My main theoretical result shows that all bottleneck work is eventually automated while some accessory work may be left untouched by AI. Once this occurs, output shifts from being multiplicative in compute and human effort to being additive, and the long-run growth rate of the economy is pinned by the growth rate of compute.
Despite AI completing all bottleneck tasks without human input, people still hold jobs. They can contribute by fulfilling bottleneck work. Human labor remains valuable because it saves scarce computational resources. Alternatively, workers may perform accessory work, where it is impractical to use compute since we already have too many workers. In the first case, wages are pinned by the value of computational resources saved.

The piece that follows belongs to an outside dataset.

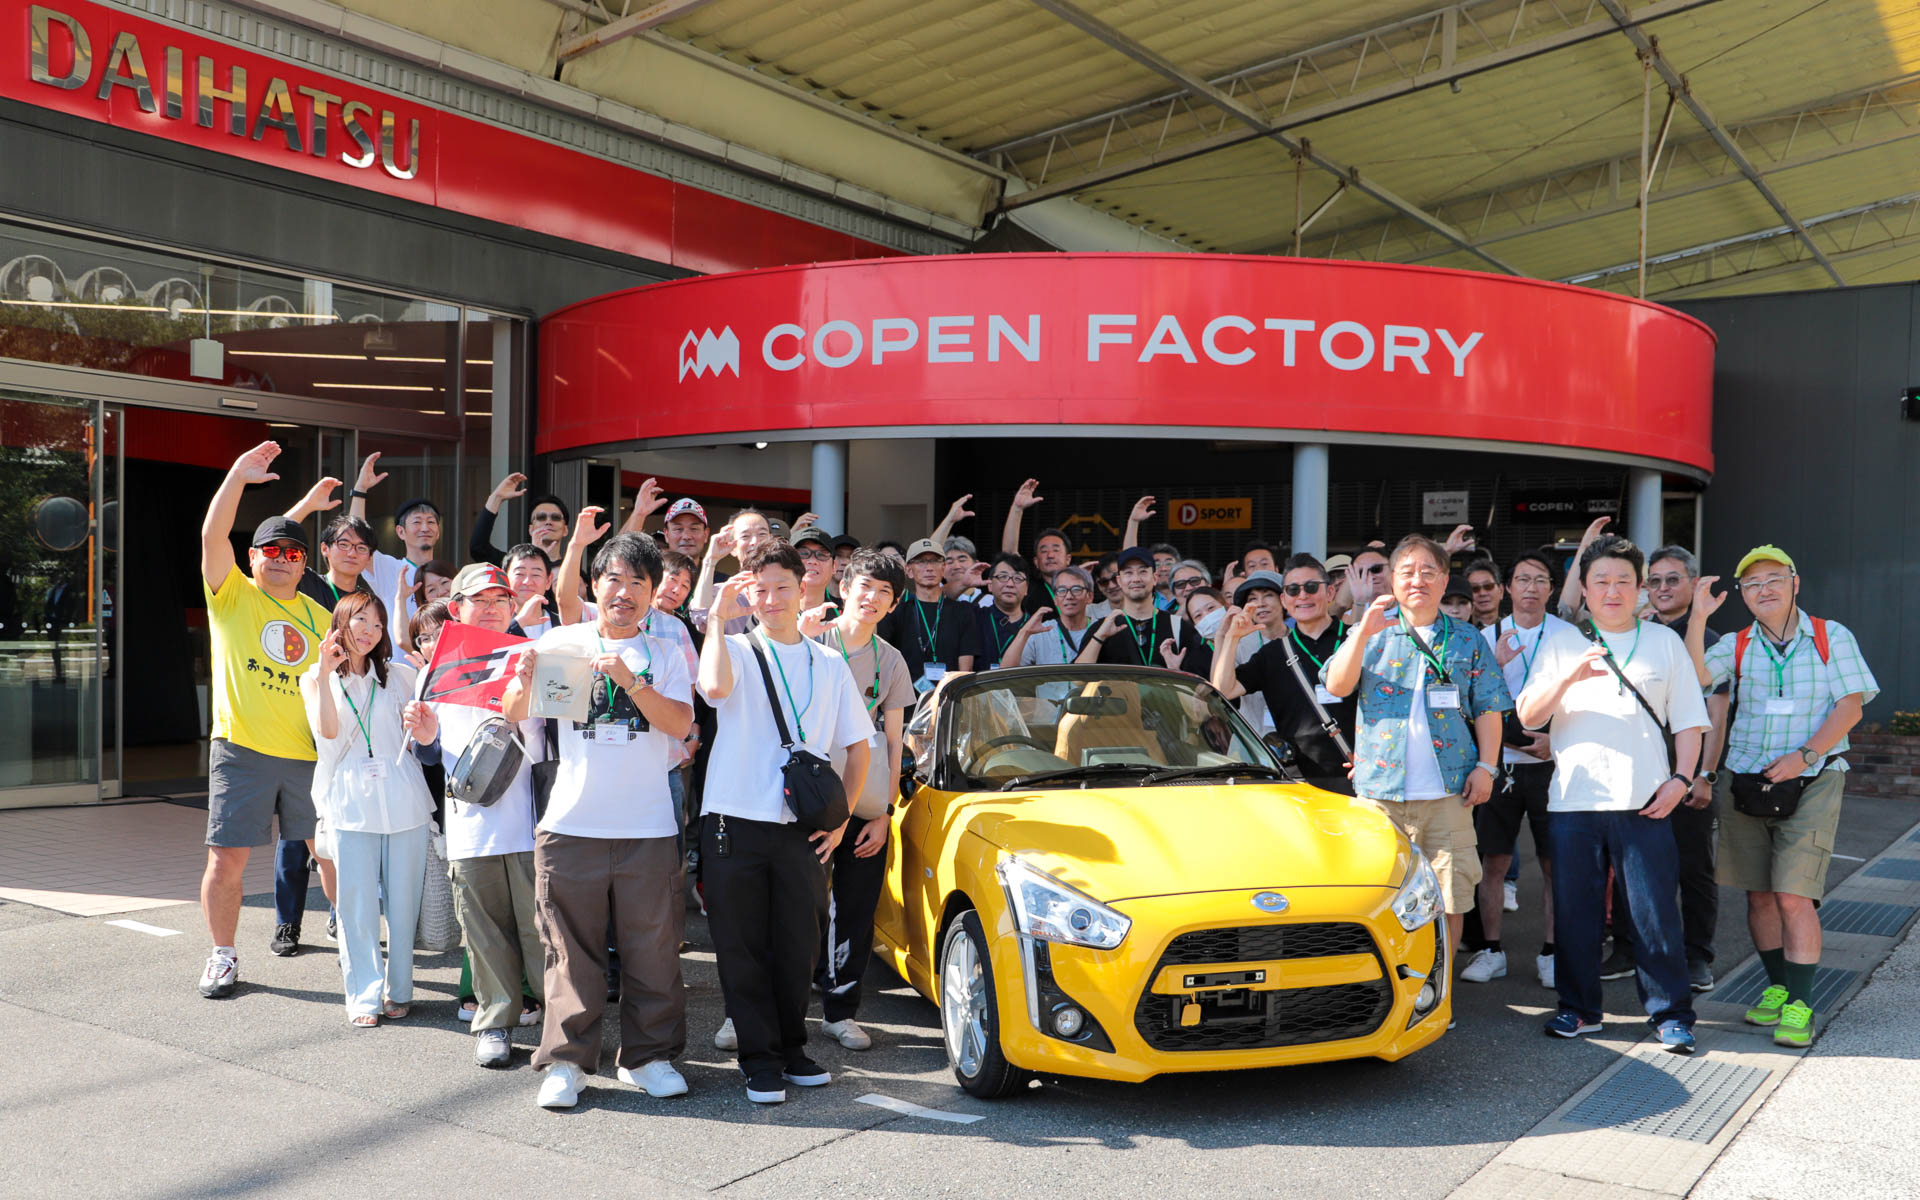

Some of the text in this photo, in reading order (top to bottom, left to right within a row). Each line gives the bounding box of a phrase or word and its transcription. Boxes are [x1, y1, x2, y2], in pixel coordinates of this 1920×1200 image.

[29, 4, 420, 180] DAIHATSU
[762, 313, 1485, 377] COPEN FACTORY
[1200, 508, 1243, 520] SPORT
[1529, 503, 1574, 512] COPEN

In the later, wages are bounded above by the value of computational resources it would cost to automate accessory work.
In sum, the advent of AGI changes the way labor is valued. Before AGI, wages reflected the importance of bottleneck work and the scarcity of labor with the requisite skill for this work. With AGI, wages reflect the computational cost of replicating the work produced by all human labor. Despite the fact that human labor retains some value, its contribution to GDP and growth becomes vanishingly small, with the share of labor in GDP converging to zero, and all income being eventually accruing to compute.
I then expand the analysis to an economy where AGI can be used to complete scientific work, accelerating the pace of technological progress. Without AGI for science, technological progress is constrained by population growth (as in the semi-endogenous growth models of Jones, 1995; Kortum, 1997; Segerstrom, 1998). With AGI, all scientific bottleneck work is automated and the rate of technological progress is determined by the growth rate of compute. This may generate sustained exponential growth despite shrinking population, but does not create a singularity or infinite growth explosion.